Clark Waddoups (Patricia W. Christensen, Ronald G. Russell and Heidi E.C. Leithead, with him on the brief), of Kimball, Parr, Crockett & Waddoups, Salt Lake City, UT, for appellee.
Before BRORBY, HOLLOWAY and EBEL, Circuit Judges.
HOLLOWAY, Circuit Judge.
This appeal arises from the district court's entry of summary judgment in favor of the Resolution Trust Corporation (RTC) against the plaintiffs Castleglen, Inc. and Larry B. Harvey (together hereafter Castleglen). 1 The plaintiffs brought an action for damages flowing from alleged misrepresentations made to them in connection with the purchase of a parcel of real estate and, in the alternative, for rescission of the entire transaction. The district court found that the Financial Institutions Reform, Recovery, and Enforcement Act of 1989 (FIRREA) and the estoppel doctrine of D'Oench, Duhme & Co. v. FDIC, 315 U.S. 447, 62 S.Ct. 676, 86 L.Ed. 956 (1942), barred the damage claims which the plaintiffs sought to assert against the RTC and the thrift institutions. The judge also denied relief on the rescission claim asserted by the plaintiffs. We affirm, although in part on different grounds than the trial judge stated in his thorough and persuasive opinion.

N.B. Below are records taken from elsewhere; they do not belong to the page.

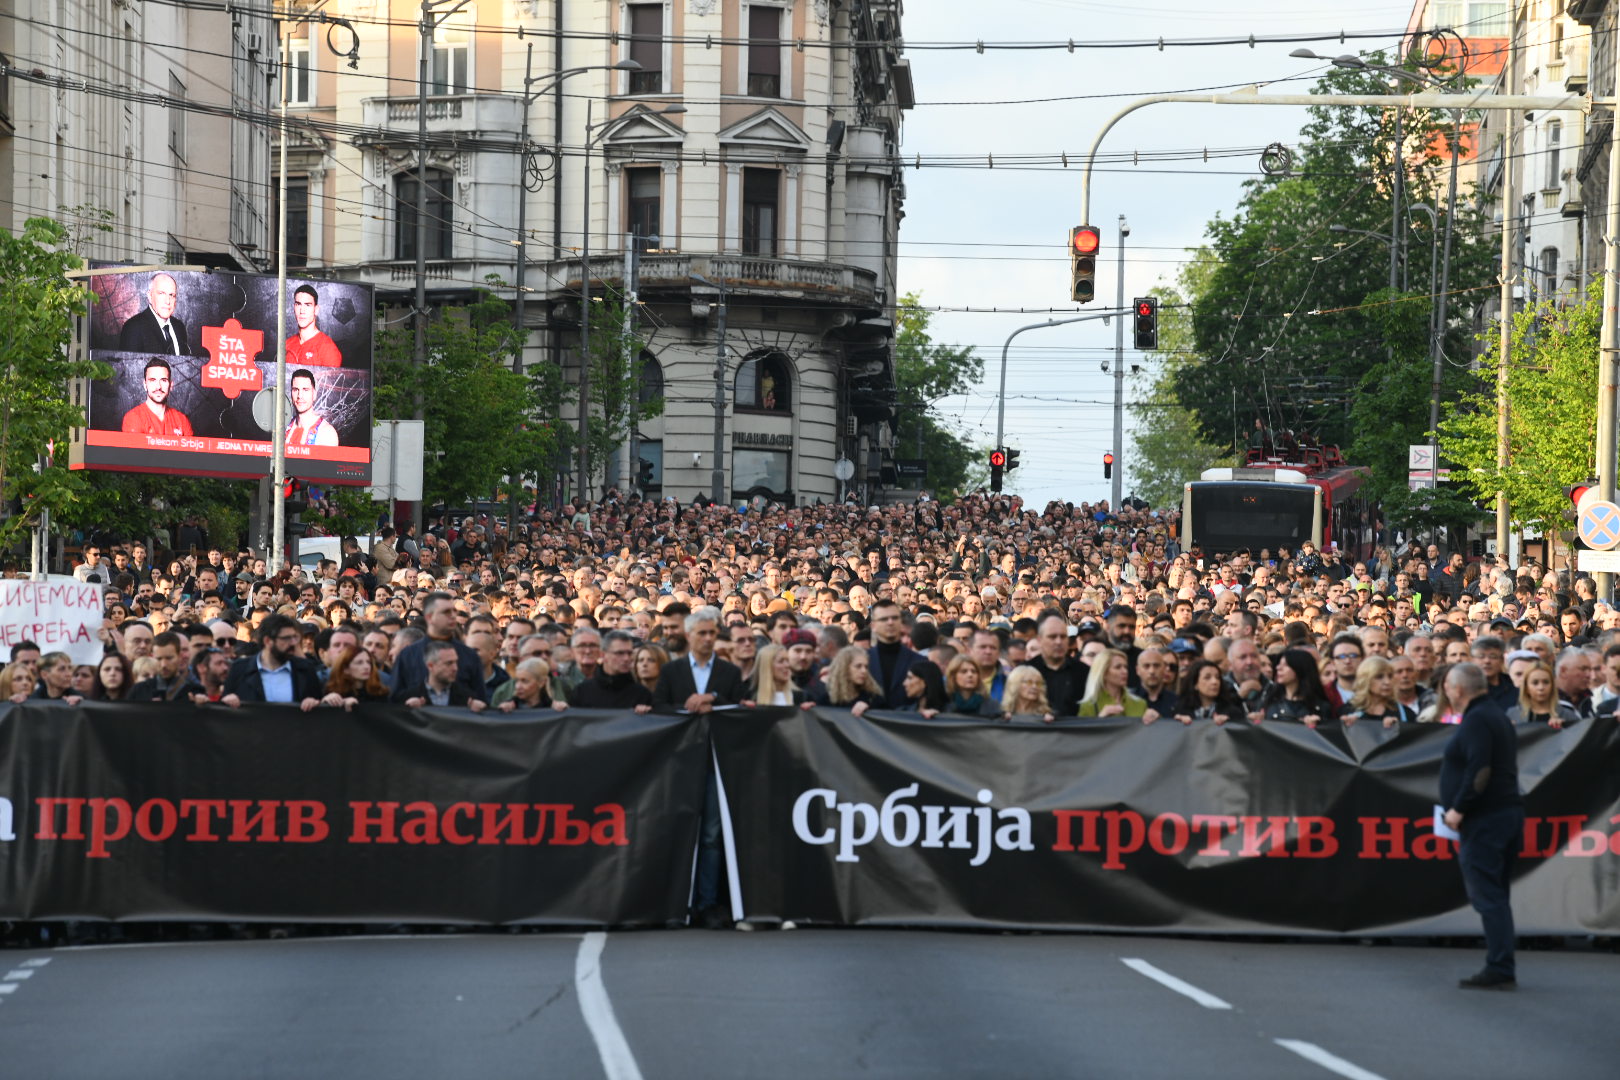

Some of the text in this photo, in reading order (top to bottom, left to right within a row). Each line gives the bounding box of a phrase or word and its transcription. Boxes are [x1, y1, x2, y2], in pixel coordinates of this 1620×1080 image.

[219, 335, 245, 351] ŠTA
[219, 352, 247, 365] NAS
[208, 366, 257, 380] SPAJA?
[146, 436, 204, 450] Telekom Srbija
[216, 442, 241, 451] JEDNA
[34, 796, 330, 858] против
[348, 801, 629, 845] насиља
[792, 782, 1035, 866] Србија
[1052, 808, 1340, 870] против
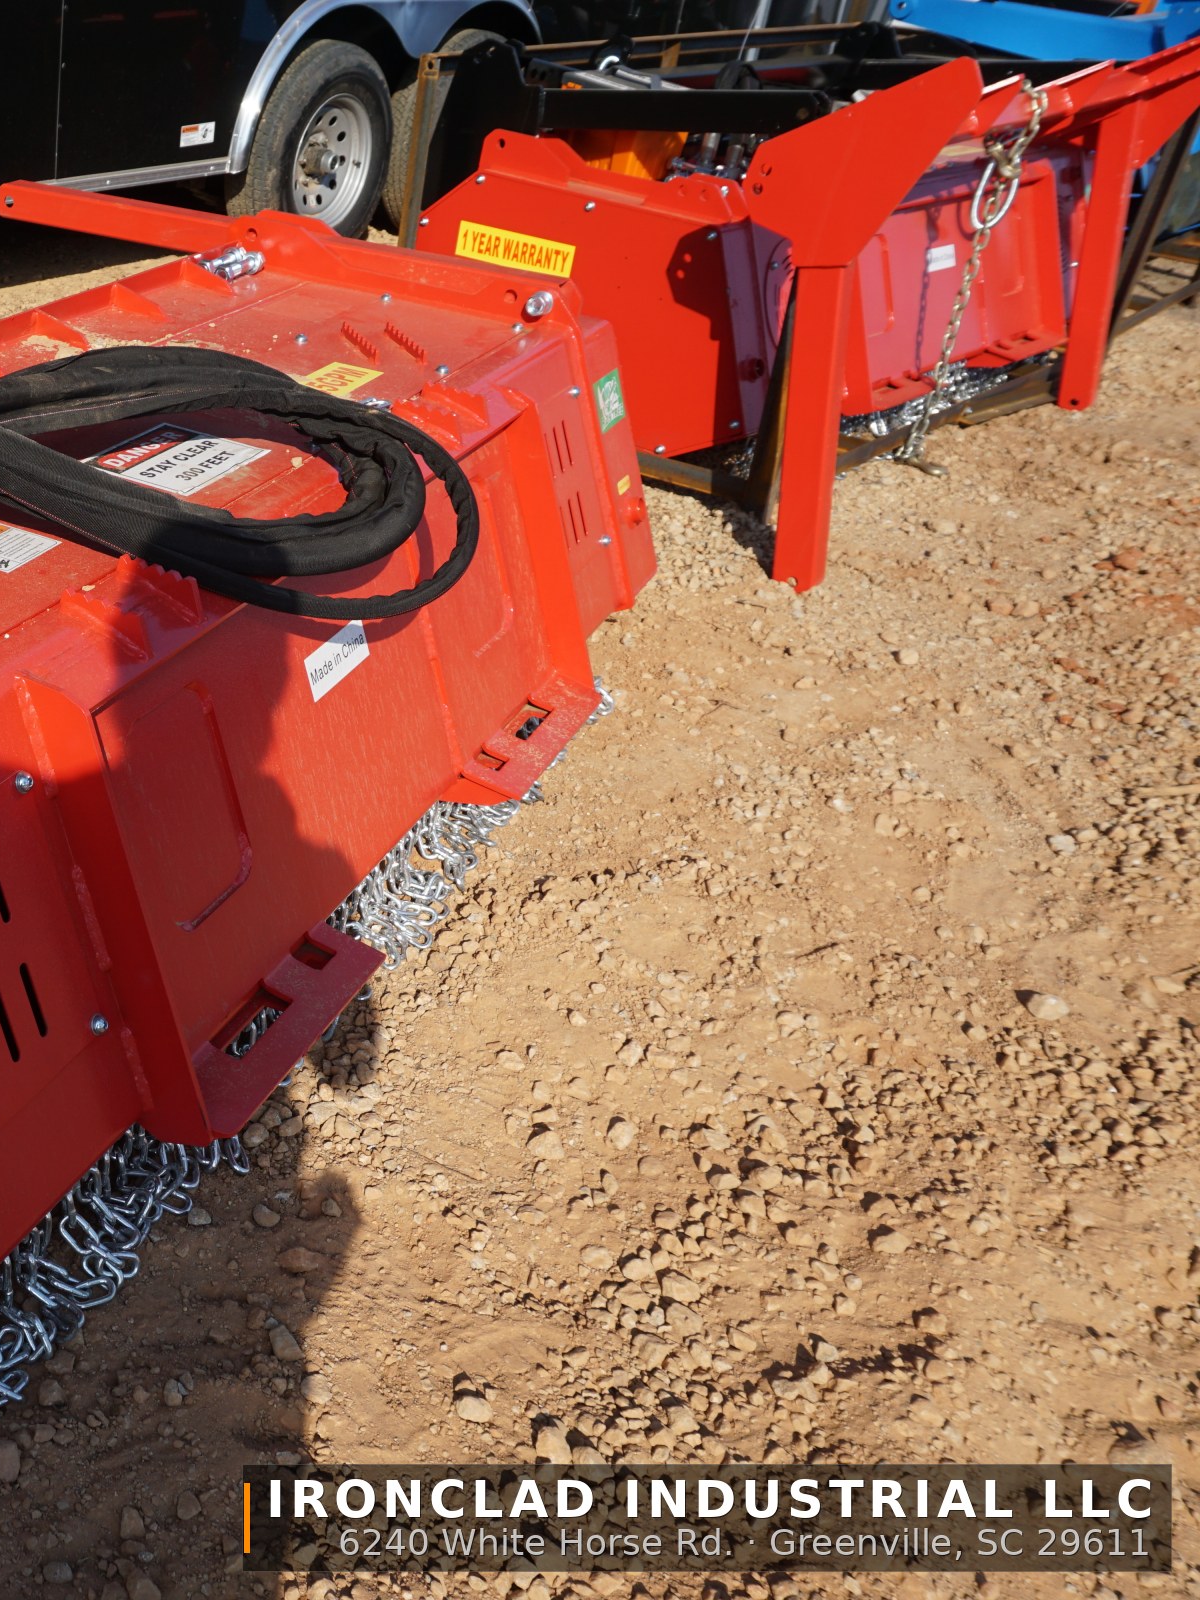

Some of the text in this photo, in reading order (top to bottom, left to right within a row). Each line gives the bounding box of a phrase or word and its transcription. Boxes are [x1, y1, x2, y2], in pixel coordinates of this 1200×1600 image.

[463, 229, 570, 273] 1 YEAR WARRANTY
[103, 431, 184, 468] DANGER
[139, 440, 219, 479] STAY CLEAR
[175, 450, 235, 481] 300 FEET
[310, 634, 365, 685] Made in China

The controversy in this case revolves around the sale of the Santa Fe Apartments Project located in Salt Lake City on December 31, 1986, to plaintiff Castleglen. The construction of the project was financed through the sale of tax exempt bonds issued by the Salt Lake Housing Authority. Commonwealth Savings Association (Commonwealth Savings or Commonwealth) facilitated the financing arrangements by issuing a letter of credit to Zions Bank, the trustee for the bondholders, guaranteeing repayment of the principal and interest on the bond transaction. In return for Commonwealth's financing, the developer, Santa Fe Ltd. (Santa Fe) executed a Reimbursement Agreement with Commonwealth under which Santa Fe agreed to make monthly debt service payments to Commonwealth in anticipation of semiannual draws against the letter of credit by Zions.

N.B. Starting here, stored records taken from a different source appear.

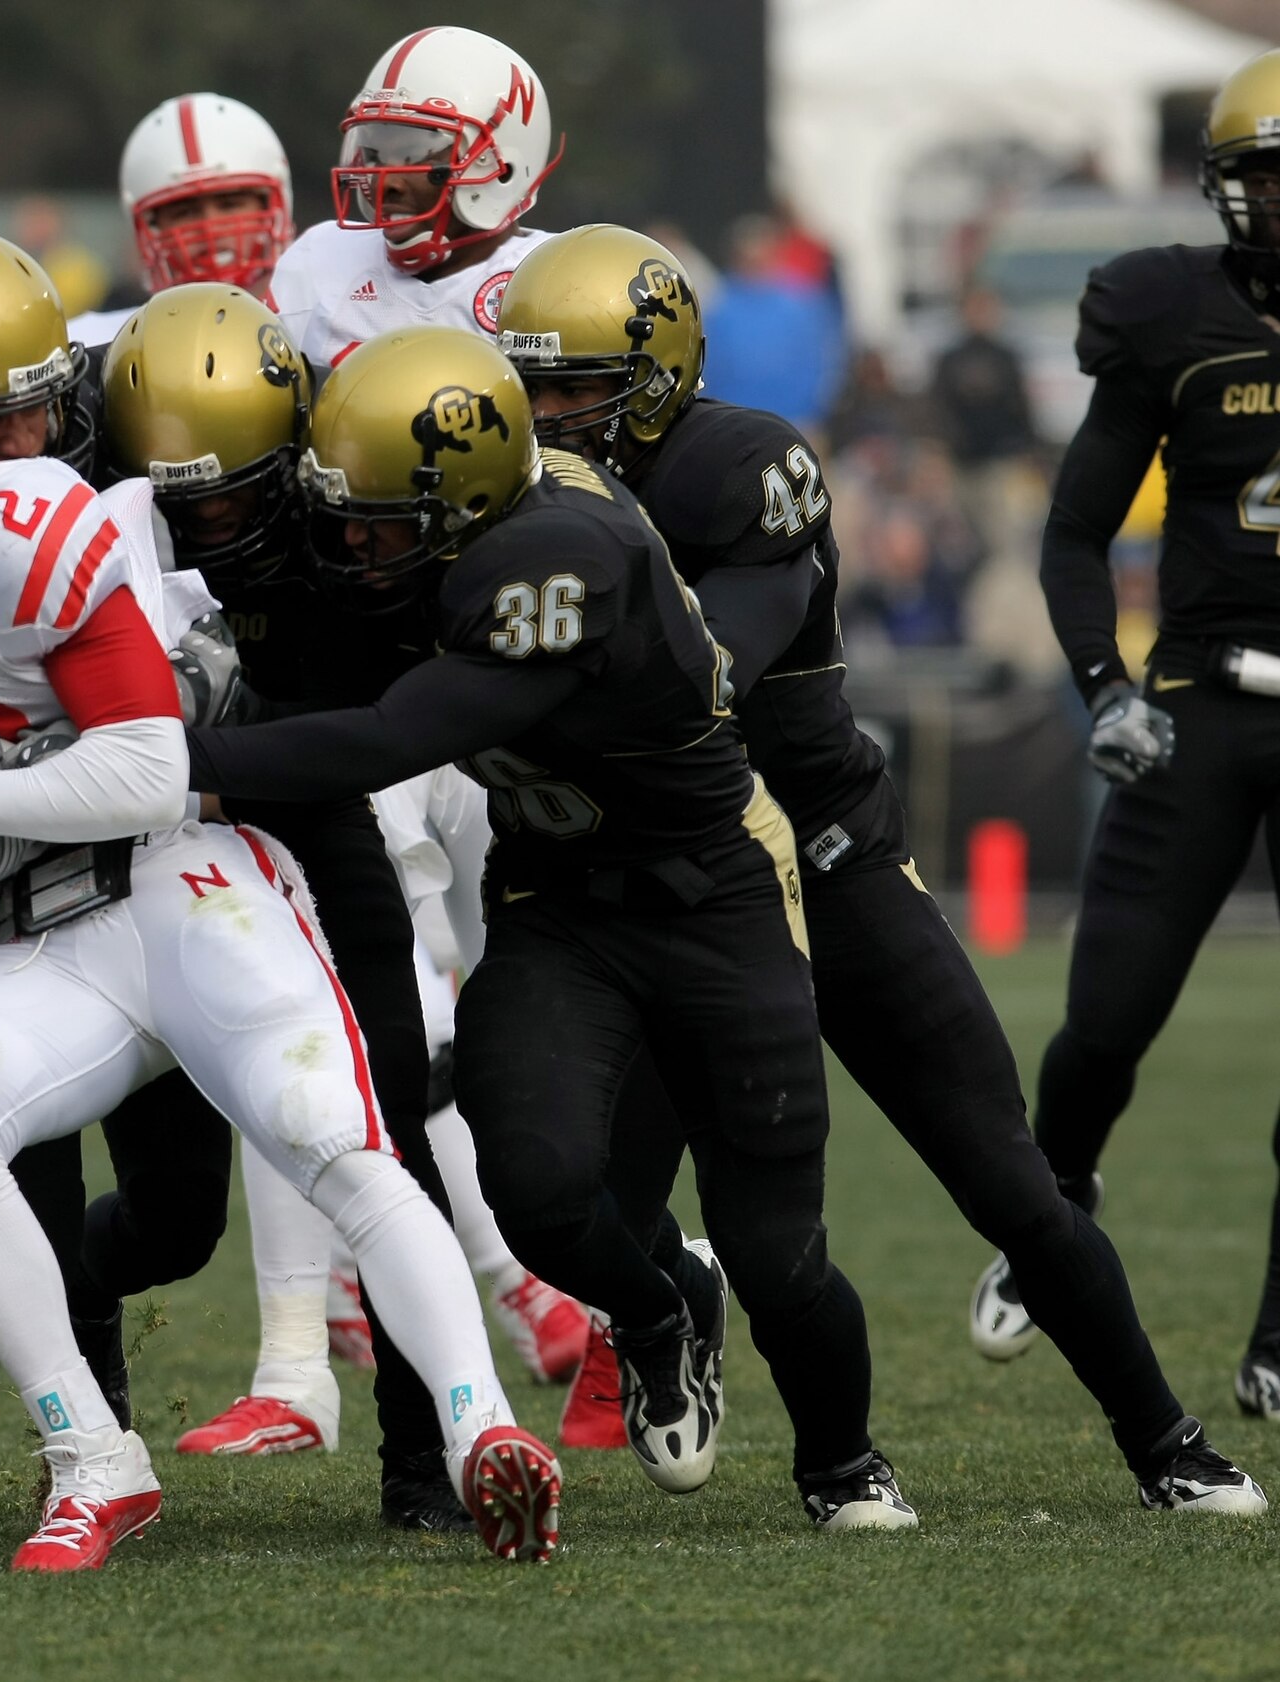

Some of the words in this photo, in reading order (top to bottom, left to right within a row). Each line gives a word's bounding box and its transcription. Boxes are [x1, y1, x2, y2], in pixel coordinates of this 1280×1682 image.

[500, 63, 536, 126] N
[512, 335, 542, 349] BUFFS
[26, 360, 56, 384] BUFFS
[165, 463, 202, 479] BUFFS
[761, 444, 828, 537] 42
[489, 573, 585, 660] 36
[815, 834, 837, 857] 42
[179, 862, 232, 898] N

Santa Fe also agreed to compensate Commonwealth for providing its letter of credit and for servicing the bond loan. This compensation included an origination fee, a "lender's spread" by which Commonwealth charged a higher interest rate to Santa Fe than it paid to Zions, and a variety of other fees. Santa Fe's monthly debt service obligations to Commonwealth were secured by a second lien deed of trust and security agreement, and a second assignment of rents, issue, and profits from the project. These security interests were used as collateral to secure a surety bond from Industrial Indemnity Company to back up Commonwealth's letter of credit.
On November 10, 1986, Commonwealth entered into a contract with Commonwealth Mortgage of America, L.P. (the Master Limited Partnership). The contract provided for the transfer of all of Commonwealth's "loan administration contracts ... and all escrow, impound and custodial accounts relating to the Loan Administration contracts." Then, in December 1986, Santa Fe sold the project itself to OMA Cypress
properties, a predecessor to plaintiff-appellant Castleglen, which in turn conveyed the project to Cypress View Ltd., another Castleglen predecessor. Pursuant to an assumption agreement between Santa Fe and Cypress View, Cypress View expressly assumed the obligations of the bond loan documents, including the reimbursement agreement and the second lien security instruments. In exchange for its approval of the transaction, Commonwealth received an interest in the net operating income of the property through a separate agreement (the NOI Agreement).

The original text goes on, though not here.